Ce qui fait un bon modèle économique?
quelle que soit l’approche, la méthode scientifique (beaucoup de sciences, comme la physique et la météorologie, créent des modèles) exige que chaque modèle produise des implications précises et vérifiables sur les phénomènes économiques qu’il tente d’expliquer. L’évaluation formelle consiste à tester les principales implications du modèle et à évaluer sa capacité à reproduire des faits stylisés., Les économistes utilisent de nombreux outils pour tester leurs modèles, y compris des études de cas, des études expérimentales en laboratoire et des statistiques.

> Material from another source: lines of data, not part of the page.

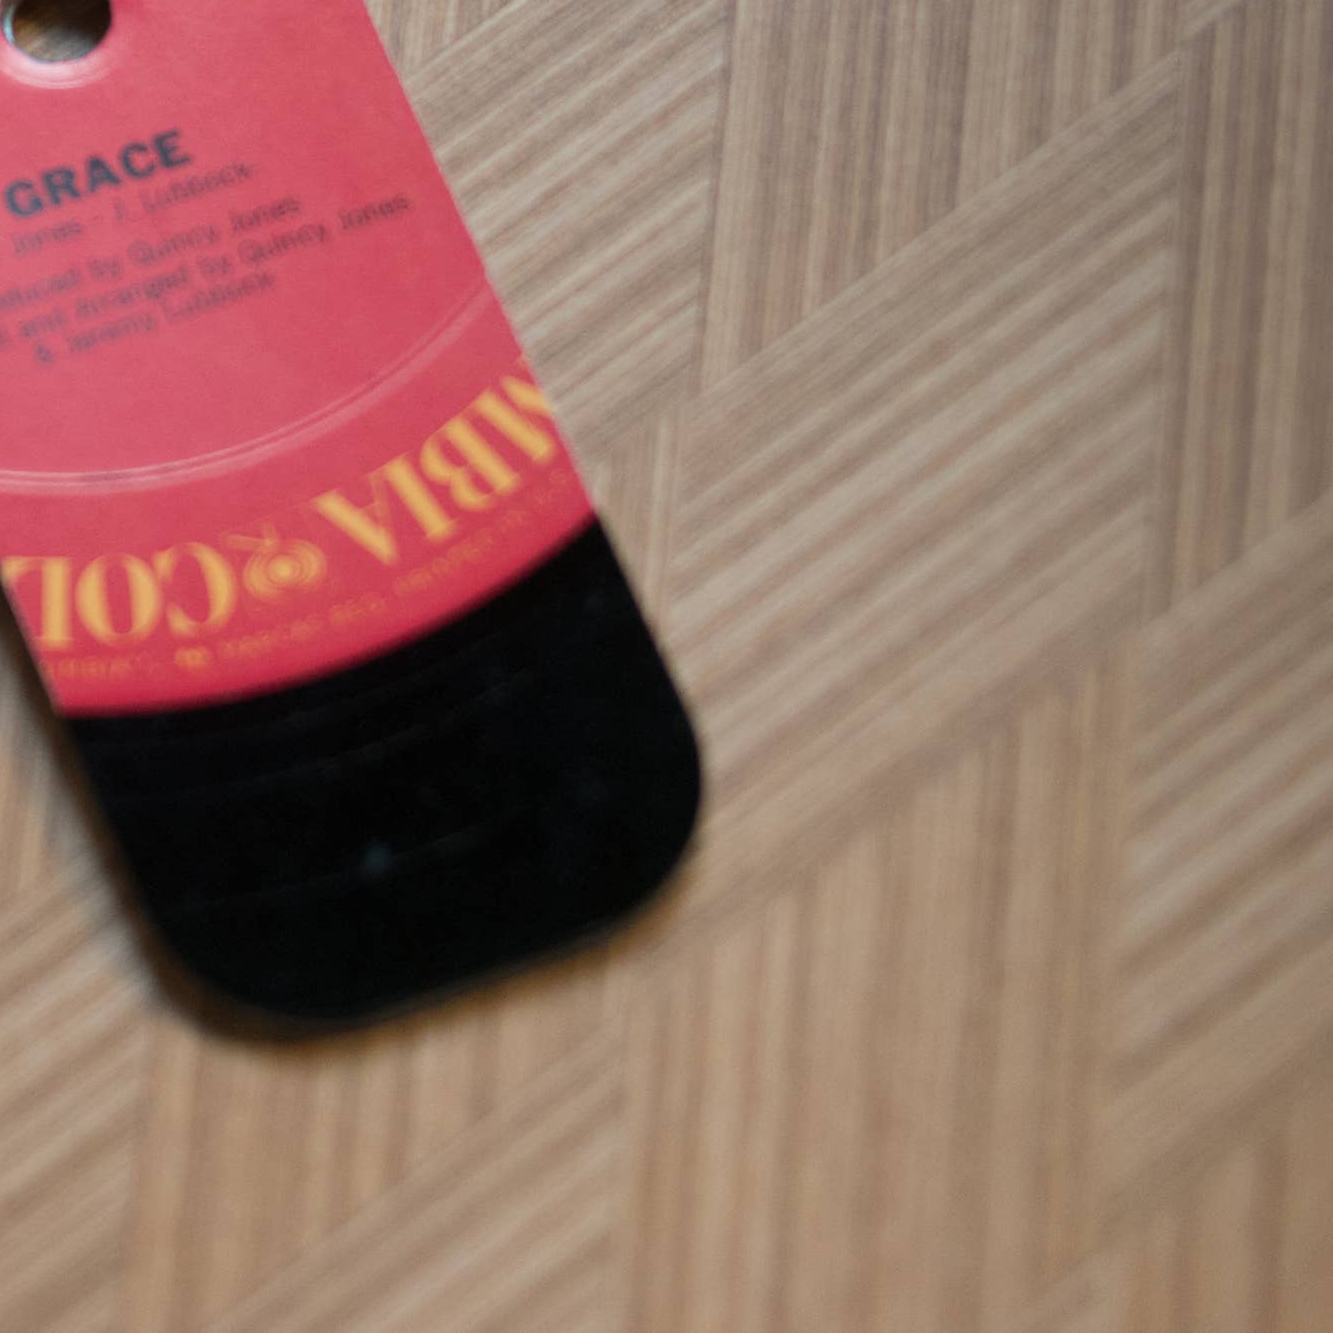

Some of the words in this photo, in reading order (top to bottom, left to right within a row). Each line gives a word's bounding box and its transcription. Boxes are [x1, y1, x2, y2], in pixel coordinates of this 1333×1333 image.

[2, 128, 194, 220] GRACE
[127, 223, 219, 267] Quincy
[230, 195, 302, 234] Jones
[237, 222, 327, 268] Quincy
[339, 191, 413, 233] Jones

pourtant, le caractère aléatoire des Données économiques fait souvent obstacle, de sorte que les économistes doivent être précis lorsqu’ils disent qu’un modèle « explique avec succès” quelque chose. Du point de vue des prévisions, cela signifie que les erreurs sont imprévisibles et non pertinentes (zéro) en moyenne. Lorsque deux modèles ou plus satisfont à cette condition, les économistes utilisent généralement la volatilité des erreurs de prévision pour rompre l’égalité—une volatilité plus faible est généralement préférée.,
un signal objectif qu’un modèle empirique doit être révisé est s’il produit des erreurs systématiques de prévision. Les erreurs systématiques impliquent qu’une ou plusieurs équations du modèle sont incorrectes. Comprendre pourquoi de telles erreurs surviennent est une partie importante de l’évaluation régulière que les économistes font des modèles.
pourquoi les modèles échouent
Tous les modèles économiques, aussi compliqués soient-ils, sont des approximations subjectives de la réalité conçues pour expliquer les phénomènes observés., Il s’ensuit que les prédictions du modèle doivent être tempérées par le caractère aléatoire des données sous-jacentes qu’il cherche à expliquer et par la validité des théories utilisées pour dériver ses équations.

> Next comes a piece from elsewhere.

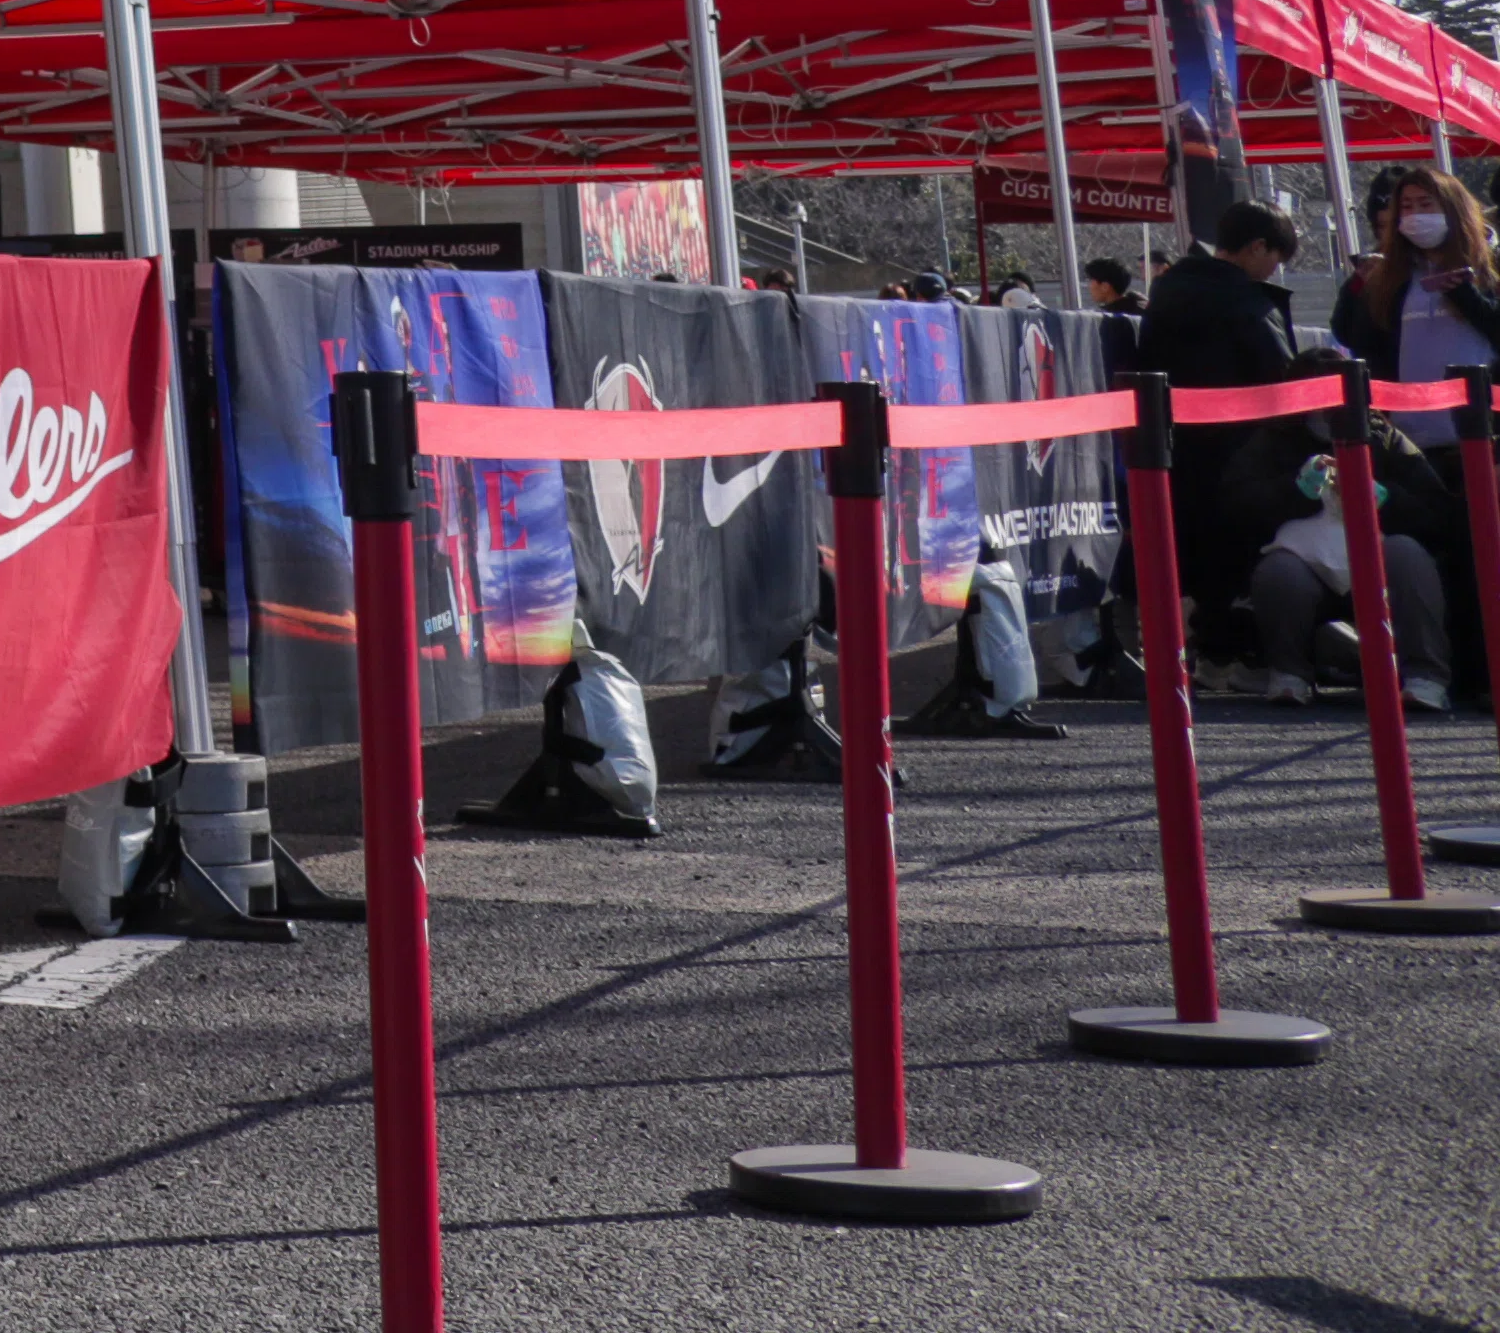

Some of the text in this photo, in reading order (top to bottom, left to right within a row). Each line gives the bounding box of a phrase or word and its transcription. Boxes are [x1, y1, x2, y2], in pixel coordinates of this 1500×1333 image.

[1001, 180, 1082, 204] CUSTM
[367, 243, 430, 260] STADIUM
[431, 241, 501, 258] FLAGSHIP

un bon exemple est le débat en cours sur l’incapacité des modèles existants à prédire ou à démêler les raisons de la récente crise financière mondiale. L’attention insuffisante accordée aux liens entre la demande globale, la richesse et, en particulier, la prise excessive de risques financiers a été blâmée. Au cours des prochaines années, il y aura des recherches considérables pour découvrir et comprendre les leçons de la crise., Cette recherche ajoutera de nouvelles équations comportementales aux modèles économiques actuels. Il faudra également modifier les équations existantes (par exemple, celles qui traitent du comportement d’épargne des ménages) pour les relier aux nouvelles équations modélisant le secteur financier. Le véritable test du modèle amélioré sera sa capacité à signaler systématiquement les niveaux de risque financier qui nécessitent une réponse politique préventive.
aucun modèle économique ne peut être une description parfaite de la réalité., Mais le processus même de construction, de test et de révision des modèles oblige les économistes et les décideurs à resserrer leurs points de vue sur le fonctionnement d’une économie. Cela favorise à son tour le débat scientifique sur ce qui motive le comportement économique et ce qui devrait (ou ne devrait pas) être fait pour faire face aux défaillances du marché. Adam Smith approuverait probablement. ■
Sam Ouliaris est économiste principal à L’Institut du FMI.